> TASK MATERIAL

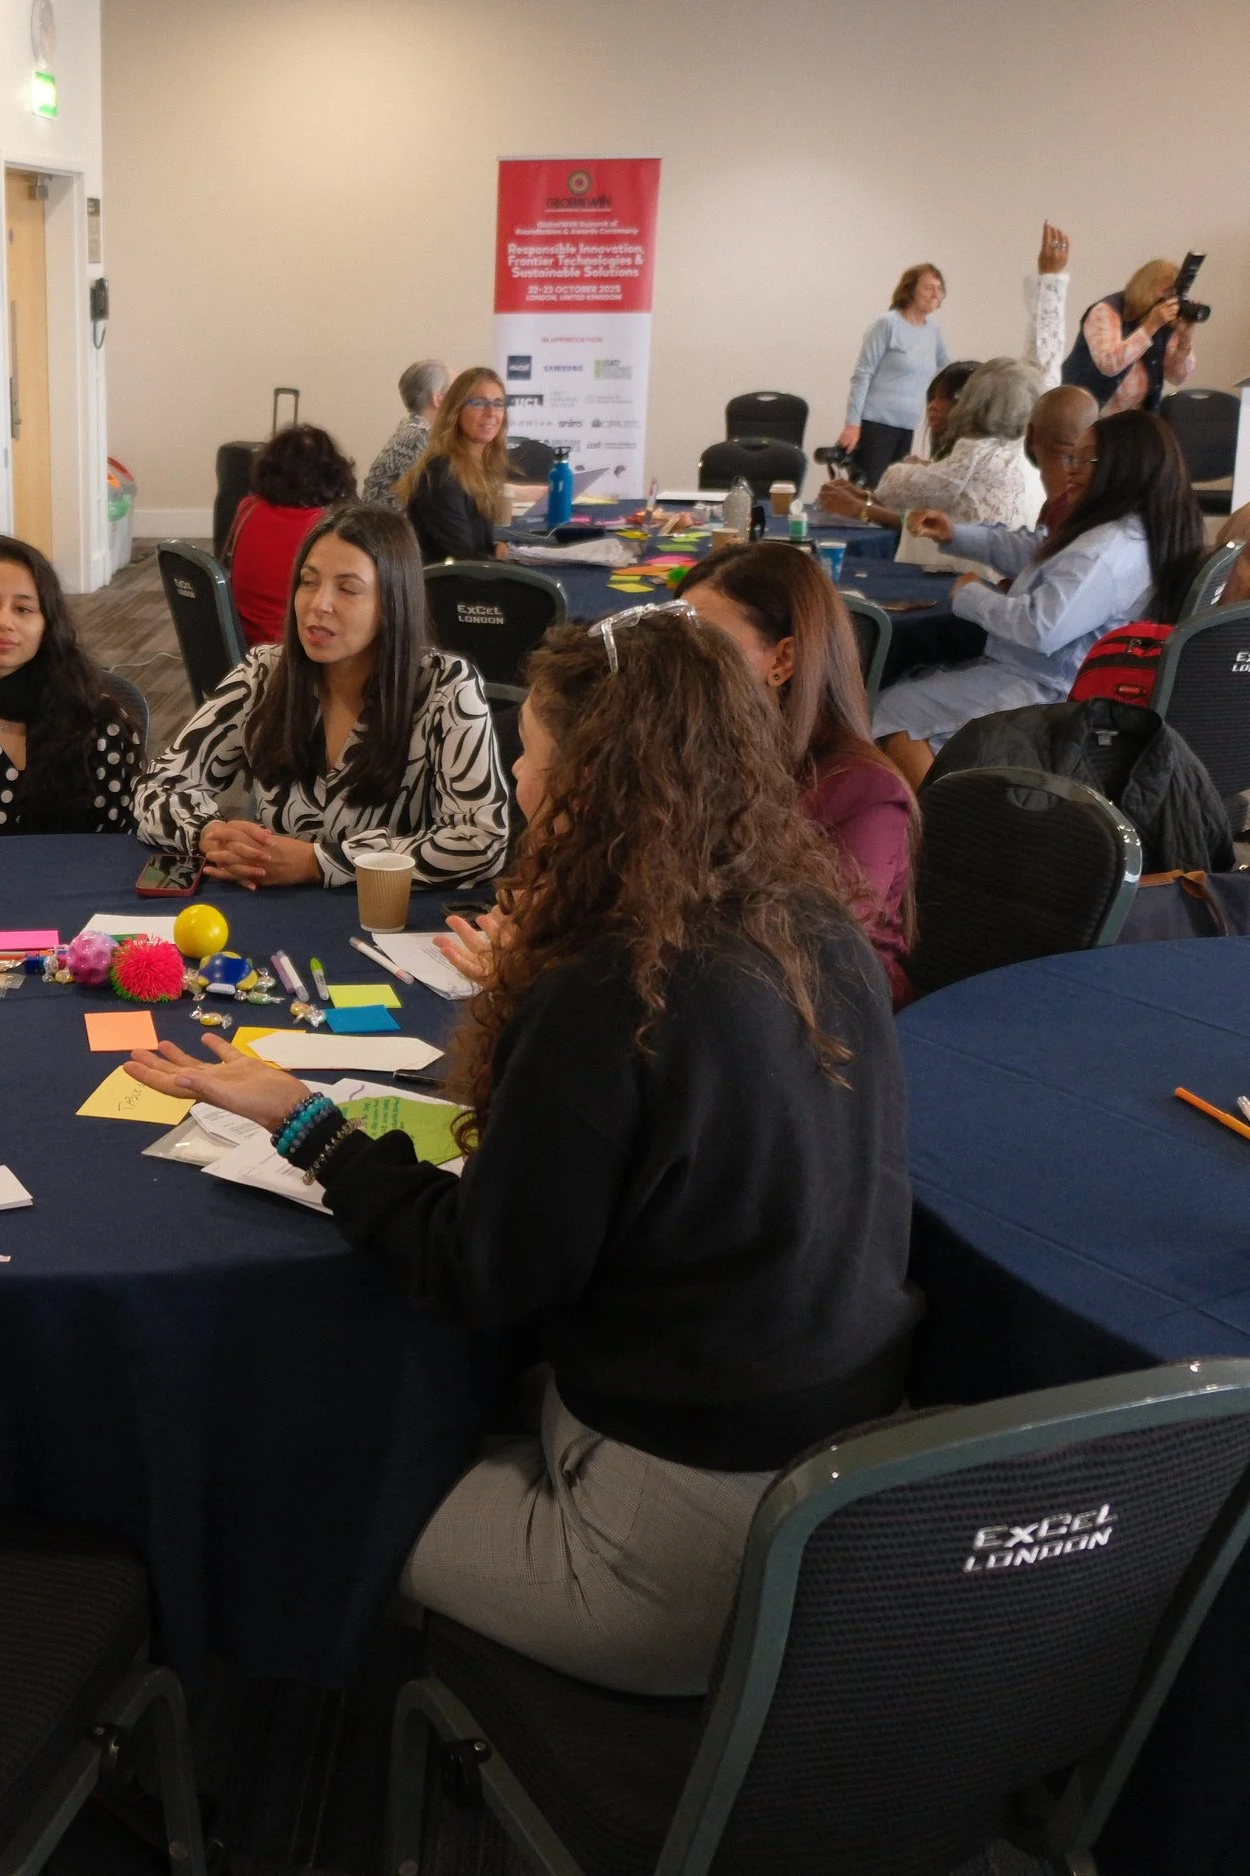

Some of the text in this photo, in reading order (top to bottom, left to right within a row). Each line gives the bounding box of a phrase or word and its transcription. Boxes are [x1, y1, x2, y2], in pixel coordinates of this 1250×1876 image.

[507, 243, 645, 257] Responsible Innovation,
[507, 253, 644, 268] Frontier Technologies &
[512, 265, 640, 278] Sustainable Solutions
[554, 285, 598, 293] OCTOBER
[458, 615, 504, 625] LONDON
[962, 1526, 1113, 1574] LONDON

> WHAT TO WORK ON
Without changing a word, restate the listing above; the pictures stay out.

> SOLUTION FOR THIS EXERCISE
Some of the text in this photo, in reading order (top to bottom, left to right within a row). Each line gives the bounding box of a phrase or word and its transcription. Boxes are [x1, y1, x2, y2], in pixel coordinates of this 1250×1876 image.

[507, 243, 645, 257] Responsible Innovation,
[507, 253, 644, 268] Frontier Technologies &
[512, 265, 640, 278] Sustainable Solutions
[554, 285, 598, 293] OCTOBER
[458, 615, 504, 625] LONDON
[962, 1526, 1113, 1574] LONDON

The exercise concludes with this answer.